[[ Source material, beginning ]]
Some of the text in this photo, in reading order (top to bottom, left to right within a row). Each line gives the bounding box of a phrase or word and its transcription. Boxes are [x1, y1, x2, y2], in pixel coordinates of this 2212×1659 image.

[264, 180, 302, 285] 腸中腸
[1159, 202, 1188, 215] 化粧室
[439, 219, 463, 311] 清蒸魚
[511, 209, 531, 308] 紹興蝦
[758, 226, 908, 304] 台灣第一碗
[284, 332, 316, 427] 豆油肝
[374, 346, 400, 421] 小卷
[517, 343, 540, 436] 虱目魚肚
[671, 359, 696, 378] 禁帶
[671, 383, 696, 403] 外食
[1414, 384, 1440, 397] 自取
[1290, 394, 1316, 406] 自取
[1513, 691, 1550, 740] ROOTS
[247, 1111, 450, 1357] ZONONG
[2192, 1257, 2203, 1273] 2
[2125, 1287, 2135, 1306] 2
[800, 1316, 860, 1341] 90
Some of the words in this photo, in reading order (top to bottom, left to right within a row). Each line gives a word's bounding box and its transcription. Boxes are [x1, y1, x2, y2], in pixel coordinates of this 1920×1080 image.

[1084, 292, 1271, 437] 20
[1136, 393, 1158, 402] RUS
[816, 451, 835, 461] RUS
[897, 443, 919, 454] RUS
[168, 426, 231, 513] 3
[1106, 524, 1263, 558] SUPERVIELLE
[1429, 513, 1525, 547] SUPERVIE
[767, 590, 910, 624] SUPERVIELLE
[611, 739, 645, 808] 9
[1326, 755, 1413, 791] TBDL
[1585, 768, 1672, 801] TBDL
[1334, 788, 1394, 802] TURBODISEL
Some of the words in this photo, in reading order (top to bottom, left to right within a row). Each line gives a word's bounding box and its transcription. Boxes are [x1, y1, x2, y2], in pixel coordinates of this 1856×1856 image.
[[ Source material, end ]]
▸ **The problem**:
From the first line to the last, restate the data above exactly.

▸ **Result of this exercise**:
Some of the text in this photo, in reading order (top to bottom, left to right within a row). Each line gives the bounding box of a phrase or word and its transcription. Boxes are [x1, y1, x2, y2], in pixel coordinates of this 2212×1659 image.

[264, 180, 302, 285] 腸中腸
[1159, 202, 1188, 215] 化粧室
[439, 219, 463, 311] 清蒸魚
[511, 209, 531, 308] 紹興蝦
[758, 226, 908, 304] 台灣第一碗
[284, 332, 316, 427] 豆油肝
[374, 346, 400, 421] 小卷
[517, 343, 540, 436] 虱目魚肚
[671, 359, 696, 378] 禁帶
[671, 383, 696, 403] 外食
[1414, 384, 1440, 397] 自取
[1290, 394, 1316, 406] 自取
[1513, 691, 1550, 740] ROOTS
[247, 1111, 450, 1357] ZONONG
[2192, 1257, 2203, 1273] 2
[2125, 1287, 2135, 1306] 2
[800, 1316, 860, 1341] 90
Some of the words in this photo, in reading order (top to bottom, left to right within a row). Each line gives a word's bounding box and its transcription. Boxes are [x1, y1, x2, y2], in pixel coordinates of this 1920×1080 image.

[1084, 292, 1271, 437] 20
[1136, 393, 1158, 402] RUS
[816, 451, 835, 461] RUS
[897, 443, 919, 454] RUS
[168, 426, 231, 513] 3
[1106, 524, 1263, 558] SUPERVIELLE
[1429, 513, 1525, 547] SUPERVIE
[767, 590, 910, 624] SUPERVIELLE
[611, 739, 645, 808] 9
[1326, 755, 1413, 791] TBDL
[1585, 768, 1672, 801] TBDL
[1334, 788, 1394, 802] TURBODISEL
Some of the words in this photo, in reading order (top to bottom, left to right within a row). Each line gives a word's bounding box and its transcription. Boxes are [x1, y1, x2, y2], in pixel coordinates of this 1856×1856 image.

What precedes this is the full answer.